Elucidation the toxicity mechanism of metal oxide and carbon-based nanoparticles with p53 protein using molecular docking approach

Metal oxide and carbon-based nanoparticles (NP) have a wide range of application in various fields, including paint, electroluminescent, pharmaceutical, and other industries. In the last decade, there is an exceeding demand of the applications using these particles in biomedical sciences such as in drug delivery system whereas these materials are also used widely in the environmental applications. Due to their extensive applications, these materials are the class of highest global annual production. The information of the potentially harmful effect of these nanoparticles lags behind their increased use in consumer products and therefore, the safety data on various nanoparticles applicable for risk assessment is urgently needed. The availability of less information of toxicity and harmful effects on the human biological system of these particles, there is a need to understand the toxicity of metal oxides and carbon-based nanoparticles. In the present study, we elucidate the toxic impact of the metal oxide and carbon-based nanoparticles on p53 DNA binding domain protein using molecular docking approach.

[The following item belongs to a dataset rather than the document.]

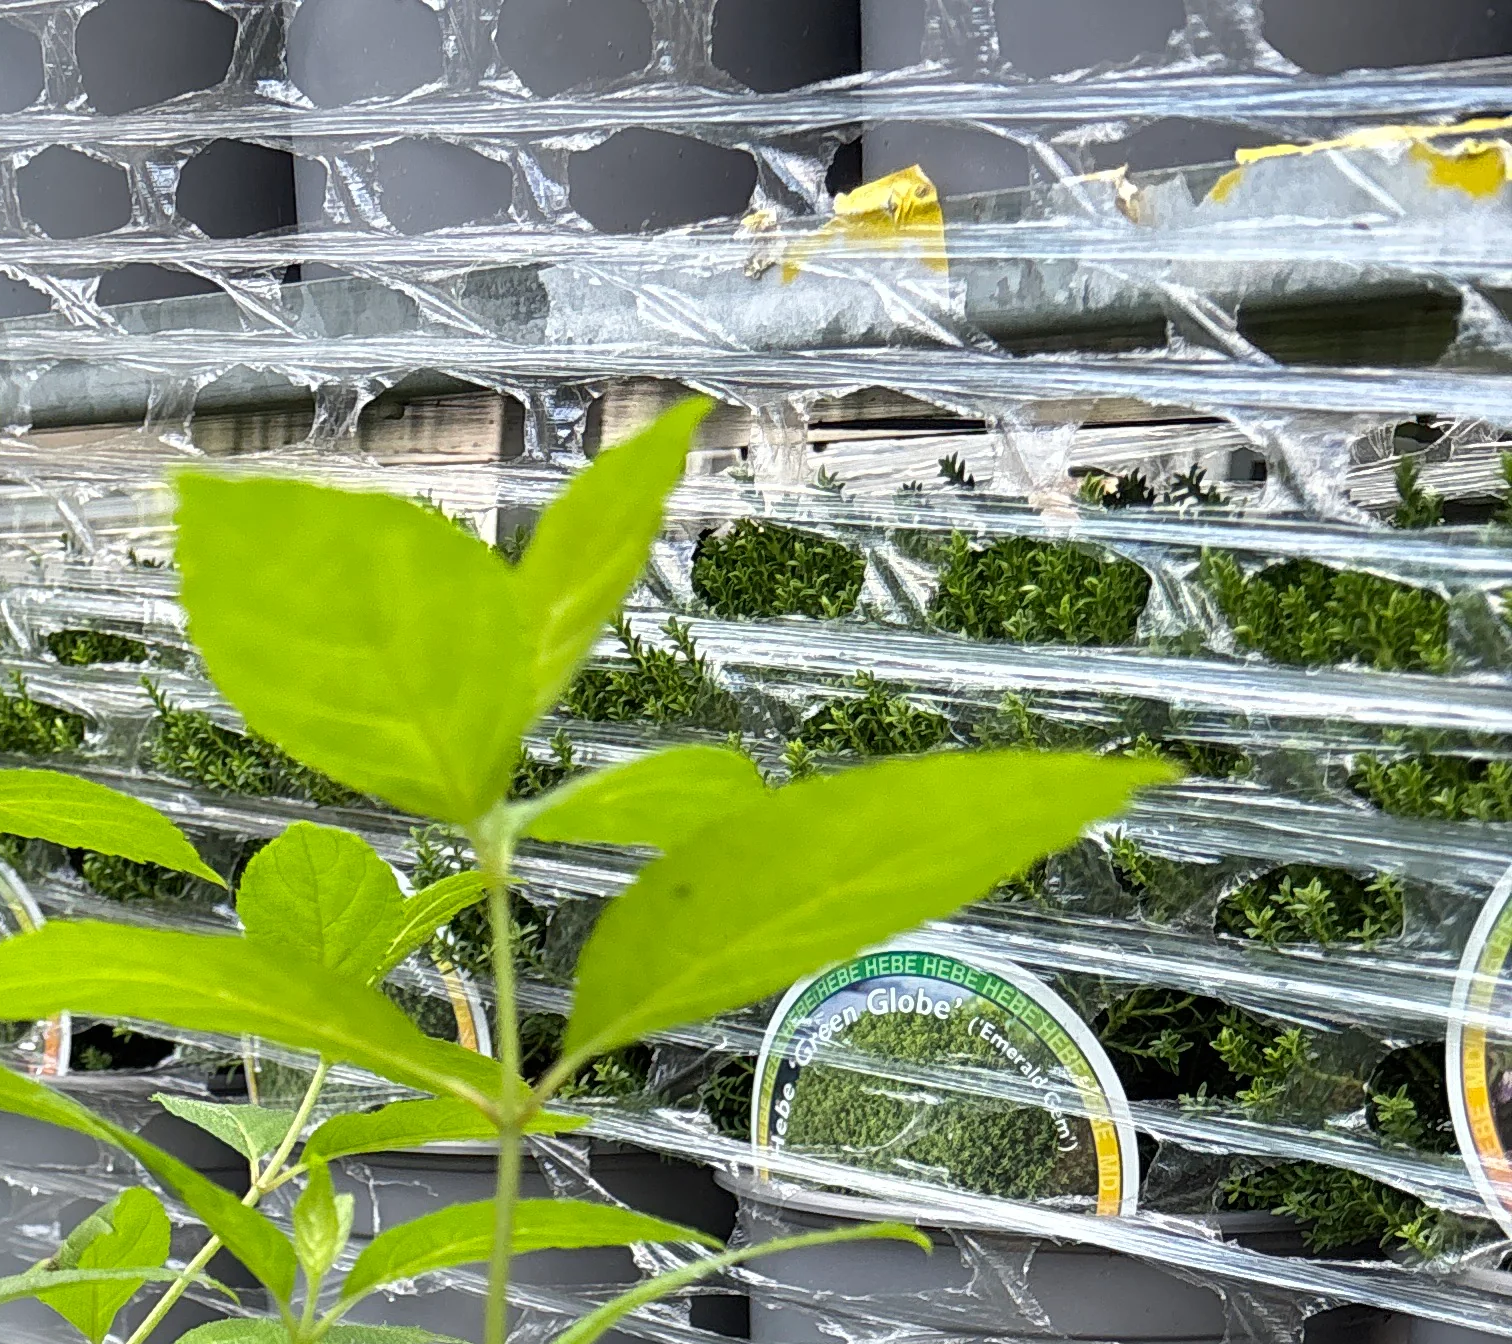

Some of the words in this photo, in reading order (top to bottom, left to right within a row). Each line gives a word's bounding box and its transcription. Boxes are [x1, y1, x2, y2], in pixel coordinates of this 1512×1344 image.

Furthermore, we also explore the binding phenomenon between the p53 protein and nanoparticles (metal oxide and carbon-based NP) using the same molecular docking approach. The study illustrates that metal oxide based nanomaterial has a high binding affinity toward the DNA binding domain of p53 protein as compared to carbon-based nanoparticles, this happens because the metal oxide nanoparticles formed hydrogen and metal acceptor bonds whereas in the case of carbon-based nanoparticles only van der Waal interactions were identified in the molecular interaction. Due to the binding of these nanoparticles, DNA is unable to interact with binding domain site which may lead to deactivation of the tumor suppressing nature of the p53 protein.